RECORD EXTRACTS: Begin

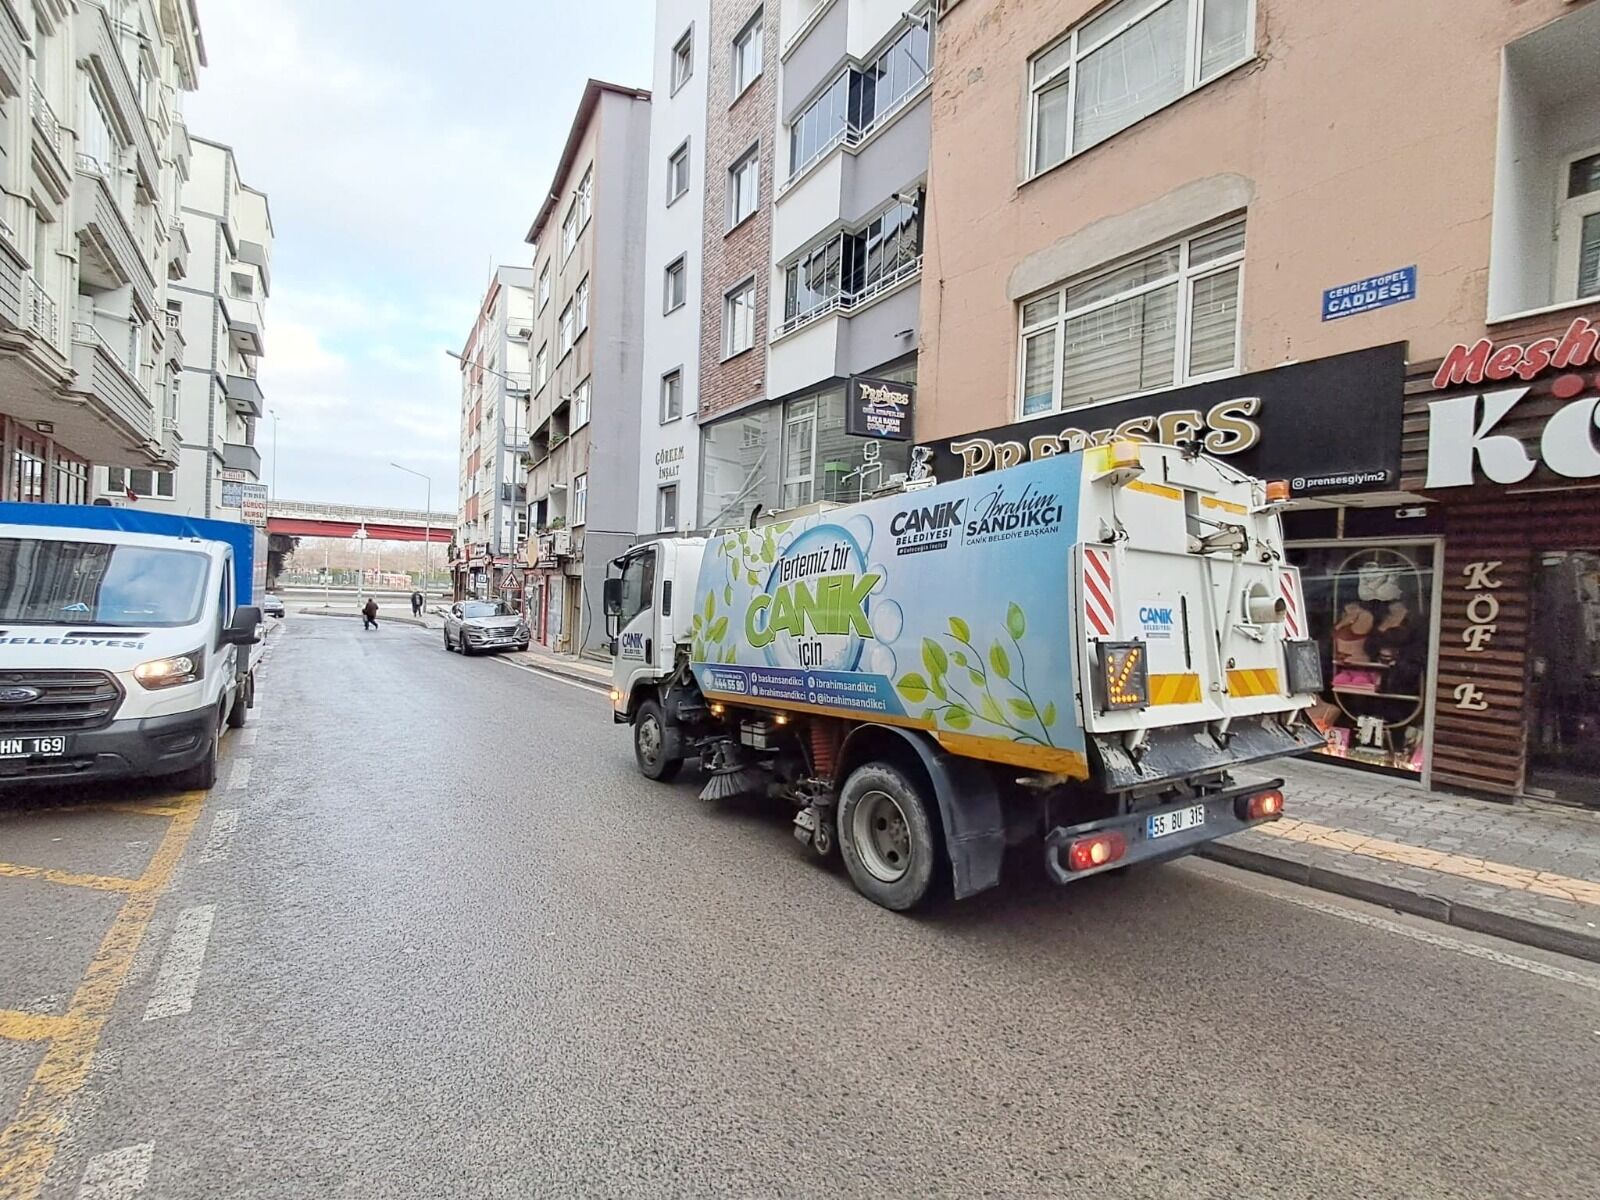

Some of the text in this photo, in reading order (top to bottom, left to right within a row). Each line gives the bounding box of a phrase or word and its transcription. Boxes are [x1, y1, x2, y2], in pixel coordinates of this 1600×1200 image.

[1328, 270, 1407, 299] CENGİZ TOPEL
[1328, 279, 1409, 312] CADDESİ
[1432, 317, 1600, 389] Meşh
[966, 505, 1063, 537] SANDIKÇI
[1023, 526, 1059, 537] BAŞKANI
[780, 542, 852, 583] Tertemiz bir
[798, 636, 822, 670] için
[714, 678, 728, 689] 444
[736, 680, 745, 691] 90
[758, 673, 804, 686] baskansandikci
[816, 678, 877, 694] ibrahimsandikci
[759, 686, 807, 700] ibrahimsandikci
[817, 692, 887, 710] @ibrahimsandikci
[33, 739, 62, 753] 169
[1154, 806, 1203, 835] 55 BU 315

RECORD EXTRACTS: End

• **YOUR TASK**: When you transcribe the lines above, keep every word exact but leave the pictures behind.

• **RESULT FOR THIS TASK**:
Some of the text in this photo, in reading order (top to bottom, left to right within a row). Each line gives the bounding box of a phrase or word and its transcription. Boxes are [x1, y1, x2, y2], in pixel coordinates of this 1600×1200 image.

[1328, 270, 1407, 299] CENGİZ TOPEL
[1328, 279, 1409, 312] CADDESİ
[1432, 317, 1600, 389] Meşh
[966, 505, 1063, 537] SANDIKÇI
[1023, 526, 1059, 537] BAŞKANI
[780, 542, 852, 583] Tertemiz bir
[798, 636, 822, 670] için
[714, 678, 728, 689] 444
[736, 680, 745, 691] 90
[758, 673, 804, 686] baskansandikci
[816, 678, 877, 694] ibrahimsandikci
[759, 686, 807, 700] ibrahimsandikci
[817, 692, 887, 710] @ibrahimsandikci
[33, 739, 62, 753] 169
[1154, 806, 1203, 835] 55 BU 315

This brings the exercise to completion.